There has been talk of such possibly happening in the past, but this seems to be the first claim that it actually will happen rather than simple speculation. If this is true, and if Amazon (or CNet’s source) is counting an ad-supported version as a “separate” new device, it might explain why Nate was unable to find any FCC paperwork about a second Kindle Fire device—there isn’t one, because it’s the same device as one that already exists. Thus, the “slightly revamped version of the original tablet” from the CNet article might be “revamped” by adding ads to it so as to chop the price.
Slapping ads on the e-ink Kindles was a rather canny move on Amazon’s part. Among other things, it enabled Amazon to move the goal posts and force an apples-to-oranges comparison of its ereader prices: the ad-supported price became the new “default” price, making the Kindle appear that much cheaper than the cheapest non-ad-supported price its competitors could field. Furthermore, many (most?) people who tried the ad-supported tablets found they quite enjoyed the ads—Amazon placed them deftly and sensibly in ways that didn’t interfere with the experience of reading and thus were, for the most part, not annoying to consumers in the way that so many web ads are.

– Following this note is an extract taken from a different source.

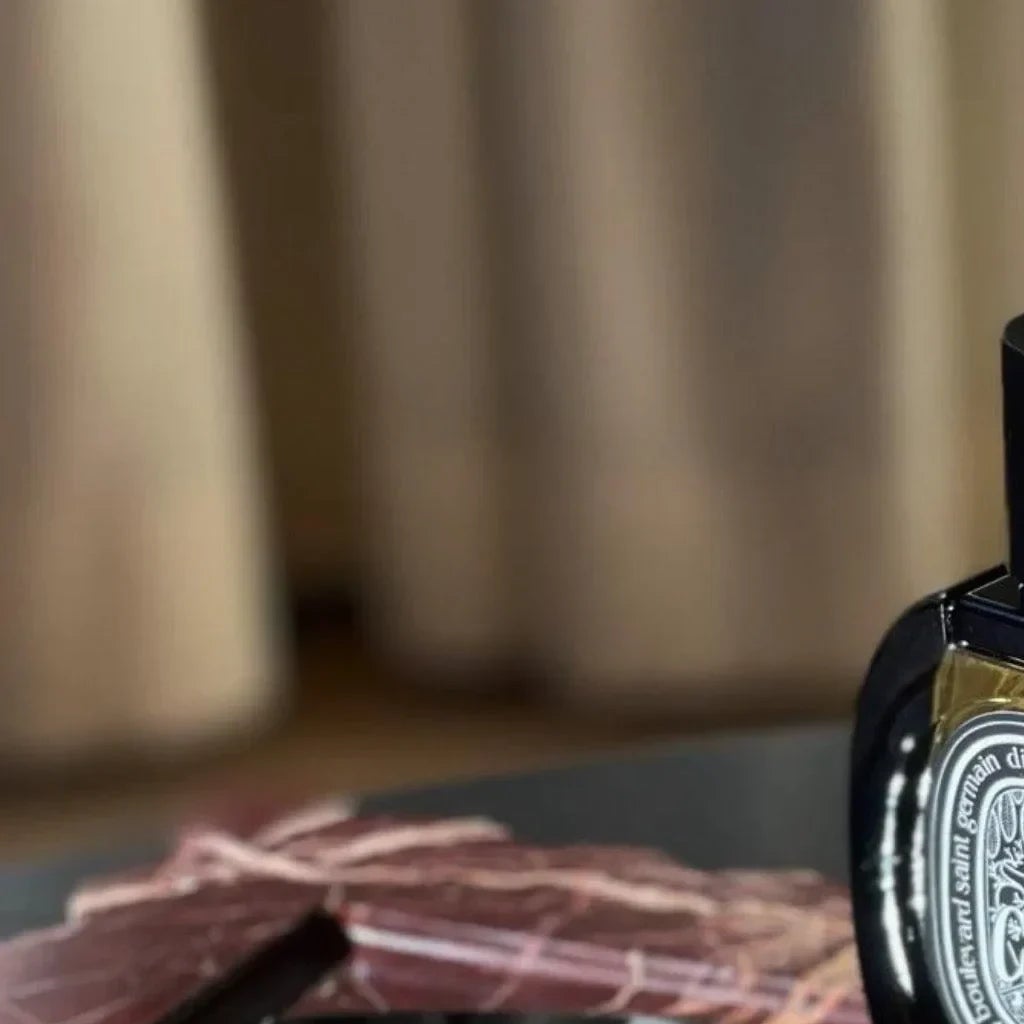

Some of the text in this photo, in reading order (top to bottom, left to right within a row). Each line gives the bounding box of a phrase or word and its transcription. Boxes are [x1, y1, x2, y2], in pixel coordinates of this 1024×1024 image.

[957, 753, 1001, 834] germain
[951, 835, 971, 896] saint
[951, 897, 991, 1024] boulevard

Could Amazon do the same thing with tablets? I wouldn’t have thought the company could do it so well with ereaders before it went and did it, so I’m not about to say no. And the Kindle Fire was already one of the least expensive tablets on the market. If Amazon could knock $50, or even $25, off the price with a few unobtrusive ads, it could make the Kindle Fire even more attractive to tablet fans on restricted budgets—especially if Amazon combines it with a price drop on the older Kindle Fire hardware when the new one comes in.